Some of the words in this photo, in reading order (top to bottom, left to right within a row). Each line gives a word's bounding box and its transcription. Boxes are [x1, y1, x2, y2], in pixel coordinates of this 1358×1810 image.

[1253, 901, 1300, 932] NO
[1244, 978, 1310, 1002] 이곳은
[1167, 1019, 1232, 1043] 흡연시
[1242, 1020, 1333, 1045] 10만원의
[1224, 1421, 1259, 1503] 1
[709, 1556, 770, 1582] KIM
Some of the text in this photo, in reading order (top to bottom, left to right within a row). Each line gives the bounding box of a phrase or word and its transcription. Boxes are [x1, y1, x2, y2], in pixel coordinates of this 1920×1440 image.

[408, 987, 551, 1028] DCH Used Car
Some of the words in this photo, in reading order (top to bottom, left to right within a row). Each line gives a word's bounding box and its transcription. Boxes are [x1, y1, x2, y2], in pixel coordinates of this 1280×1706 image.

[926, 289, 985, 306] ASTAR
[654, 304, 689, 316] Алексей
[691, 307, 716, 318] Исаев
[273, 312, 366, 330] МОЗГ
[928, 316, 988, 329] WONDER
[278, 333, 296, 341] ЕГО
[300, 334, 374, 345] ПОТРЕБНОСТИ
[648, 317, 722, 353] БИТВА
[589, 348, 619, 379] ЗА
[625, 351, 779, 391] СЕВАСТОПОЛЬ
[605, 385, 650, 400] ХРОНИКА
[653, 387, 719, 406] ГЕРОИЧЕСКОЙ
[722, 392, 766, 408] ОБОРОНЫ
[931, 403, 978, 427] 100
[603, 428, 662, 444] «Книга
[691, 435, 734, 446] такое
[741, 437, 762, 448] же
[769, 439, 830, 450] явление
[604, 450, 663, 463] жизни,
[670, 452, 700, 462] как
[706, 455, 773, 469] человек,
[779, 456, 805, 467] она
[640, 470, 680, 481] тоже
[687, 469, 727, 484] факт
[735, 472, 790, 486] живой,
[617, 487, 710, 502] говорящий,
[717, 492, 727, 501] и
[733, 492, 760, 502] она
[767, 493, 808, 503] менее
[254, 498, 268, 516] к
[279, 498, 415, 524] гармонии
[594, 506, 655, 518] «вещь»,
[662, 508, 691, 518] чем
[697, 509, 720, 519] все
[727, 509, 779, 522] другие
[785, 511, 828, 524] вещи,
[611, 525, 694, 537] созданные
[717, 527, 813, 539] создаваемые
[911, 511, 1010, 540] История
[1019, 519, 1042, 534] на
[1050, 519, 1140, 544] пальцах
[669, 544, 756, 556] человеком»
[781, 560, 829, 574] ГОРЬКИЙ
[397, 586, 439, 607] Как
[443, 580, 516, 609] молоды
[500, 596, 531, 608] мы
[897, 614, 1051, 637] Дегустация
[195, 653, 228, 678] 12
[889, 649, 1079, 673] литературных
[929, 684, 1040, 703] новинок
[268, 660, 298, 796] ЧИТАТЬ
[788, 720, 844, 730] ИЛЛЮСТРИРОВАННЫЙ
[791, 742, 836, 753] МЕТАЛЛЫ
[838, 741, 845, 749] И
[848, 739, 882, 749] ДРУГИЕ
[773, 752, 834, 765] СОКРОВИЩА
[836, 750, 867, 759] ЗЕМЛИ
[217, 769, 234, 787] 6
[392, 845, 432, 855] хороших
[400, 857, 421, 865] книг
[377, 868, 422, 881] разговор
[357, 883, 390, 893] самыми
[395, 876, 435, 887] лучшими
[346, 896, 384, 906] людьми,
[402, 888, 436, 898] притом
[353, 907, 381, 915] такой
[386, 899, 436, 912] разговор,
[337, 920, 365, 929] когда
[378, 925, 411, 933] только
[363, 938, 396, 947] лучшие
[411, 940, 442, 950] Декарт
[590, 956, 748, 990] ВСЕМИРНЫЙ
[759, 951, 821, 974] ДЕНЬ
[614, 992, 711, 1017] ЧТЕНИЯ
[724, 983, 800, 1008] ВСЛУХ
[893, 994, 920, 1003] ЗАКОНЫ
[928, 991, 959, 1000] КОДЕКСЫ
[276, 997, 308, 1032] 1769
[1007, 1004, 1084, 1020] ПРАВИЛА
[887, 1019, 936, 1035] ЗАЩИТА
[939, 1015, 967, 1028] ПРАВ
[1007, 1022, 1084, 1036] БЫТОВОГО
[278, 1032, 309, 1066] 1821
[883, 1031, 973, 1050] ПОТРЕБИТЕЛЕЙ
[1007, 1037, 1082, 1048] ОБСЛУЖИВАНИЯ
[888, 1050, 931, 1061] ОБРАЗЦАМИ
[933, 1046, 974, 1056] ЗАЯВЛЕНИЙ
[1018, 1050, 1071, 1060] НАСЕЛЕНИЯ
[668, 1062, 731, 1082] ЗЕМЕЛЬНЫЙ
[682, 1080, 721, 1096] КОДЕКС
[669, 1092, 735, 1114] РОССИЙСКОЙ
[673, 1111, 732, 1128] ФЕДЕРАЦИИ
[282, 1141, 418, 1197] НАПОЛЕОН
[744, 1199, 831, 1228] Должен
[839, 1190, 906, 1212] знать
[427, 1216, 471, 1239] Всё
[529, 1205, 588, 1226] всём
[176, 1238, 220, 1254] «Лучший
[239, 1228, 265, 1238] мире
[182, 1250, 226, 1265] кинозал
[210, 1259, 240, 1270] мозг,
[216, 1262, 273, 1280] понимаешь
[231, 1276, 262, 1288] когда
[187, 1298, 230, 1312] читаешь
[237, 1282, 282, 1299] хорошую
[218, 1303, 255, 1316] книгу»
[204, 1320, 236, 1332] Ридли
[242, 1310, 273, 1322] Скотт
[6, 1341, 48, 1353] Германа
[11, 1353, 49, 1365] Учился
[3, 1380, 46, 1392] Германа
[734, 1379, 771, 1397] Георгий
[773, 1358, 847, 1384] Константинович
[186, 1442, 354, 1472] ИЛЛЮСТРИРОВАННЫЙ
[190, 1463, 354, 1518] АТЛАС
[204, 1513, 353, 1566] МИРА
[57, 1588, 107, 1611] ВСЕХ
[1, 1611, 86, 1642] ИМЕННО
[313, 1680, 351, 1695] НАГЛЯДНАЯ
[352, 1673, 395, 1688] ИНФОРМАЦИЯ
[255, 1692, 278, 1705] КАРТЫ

What the task requires: Count the lines above in which the string "image" occurs, and write the number with no other text.

Result below: 3